When you transcribe the data below, reproduce every line exactly and leave each picture out.

[Opening Materials provided section]

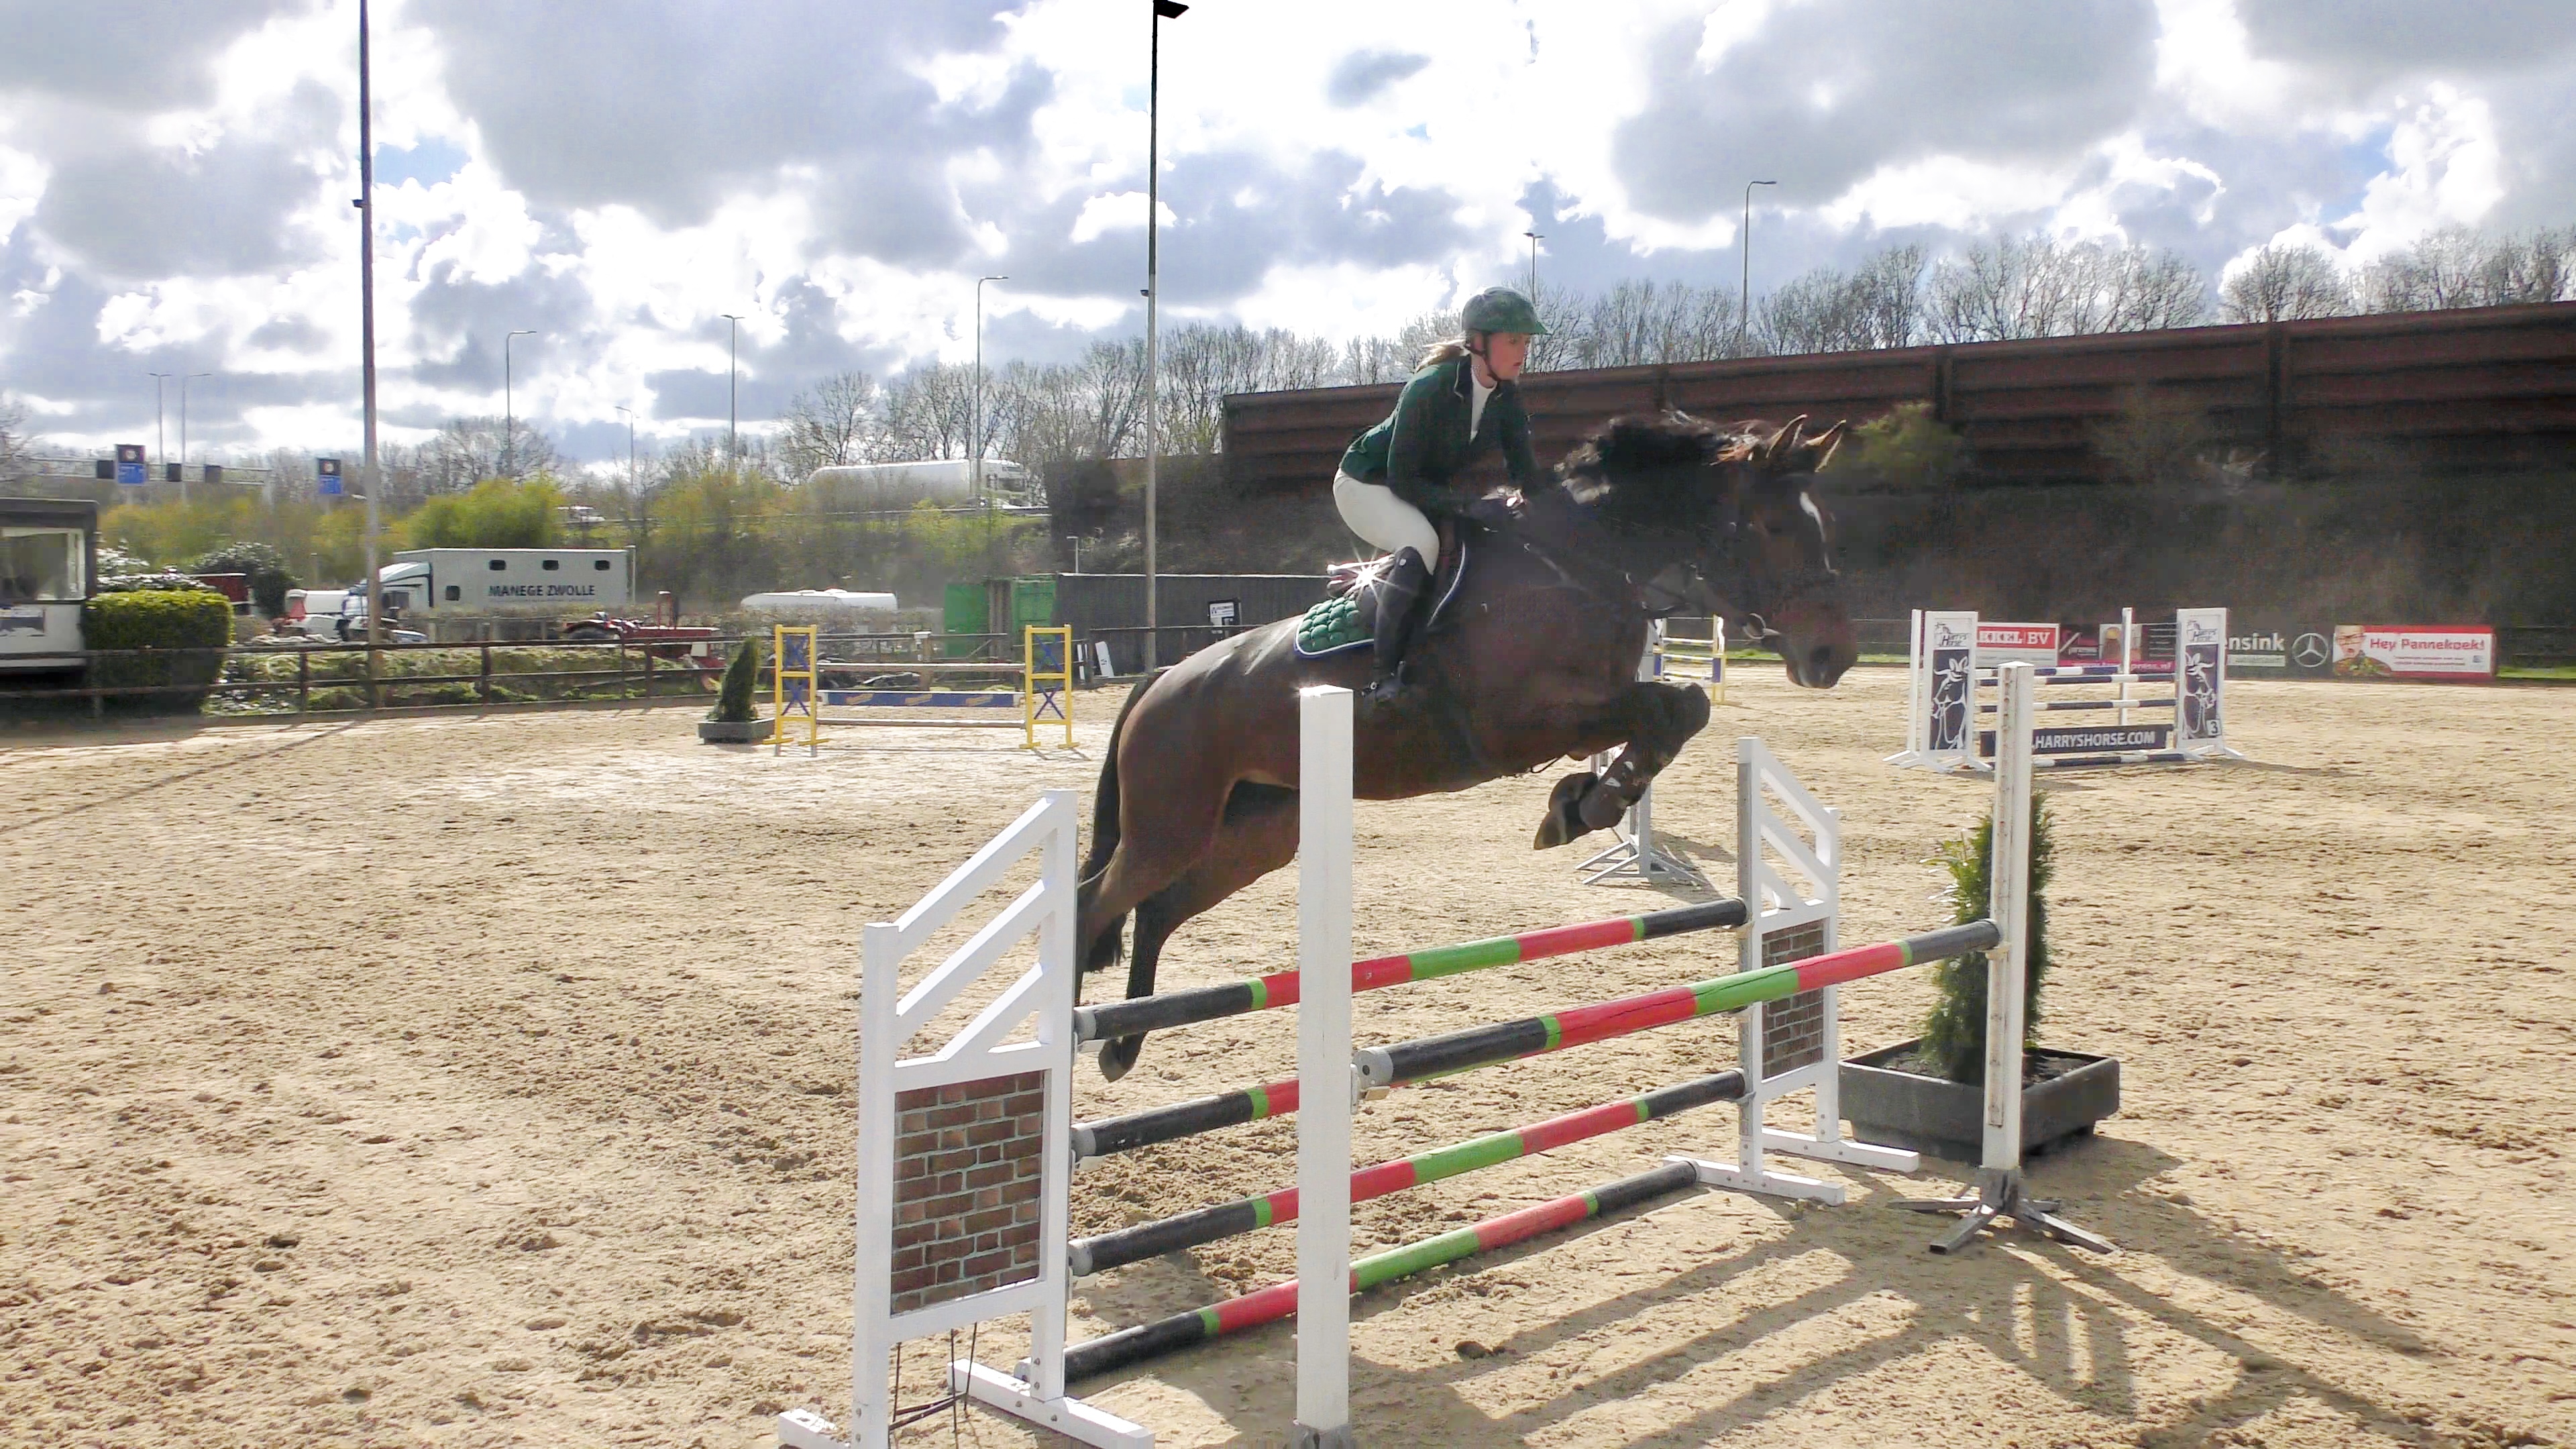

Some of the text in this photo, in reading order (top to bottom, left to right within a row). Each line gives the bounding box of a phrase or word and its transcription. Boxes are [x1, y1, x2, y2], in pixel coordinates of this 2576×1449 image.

[488, 584, 596, 596] MANEGE ZWOLLE
[2027, 631, 2051, 645] BV
[2225, 632, 2285, 651] nsink
[2369, 638, 2485, 651] Hey Pannekoek!
[2210, 720, 2218, 734] 3

[Closing Materials provided section]

#### Exercise response
Some of the text in this photo, in reading order (top to bottom, left to right within a row). Each line gives the bounding box of a phrase or word and its transcription. Boxes are [x1, y1, x2, y2], in pixel coordinates of this 2576×1449 image.

[488, 584, 596, 596] MANEGE ZWOLLE
[2027, 631, 2051, 645] BV
[2225, 632, 2285, 651] nsink
[2369, 638, 2485, 651] Hey Pannekoek!
[2210, 720, 2218, 734] 3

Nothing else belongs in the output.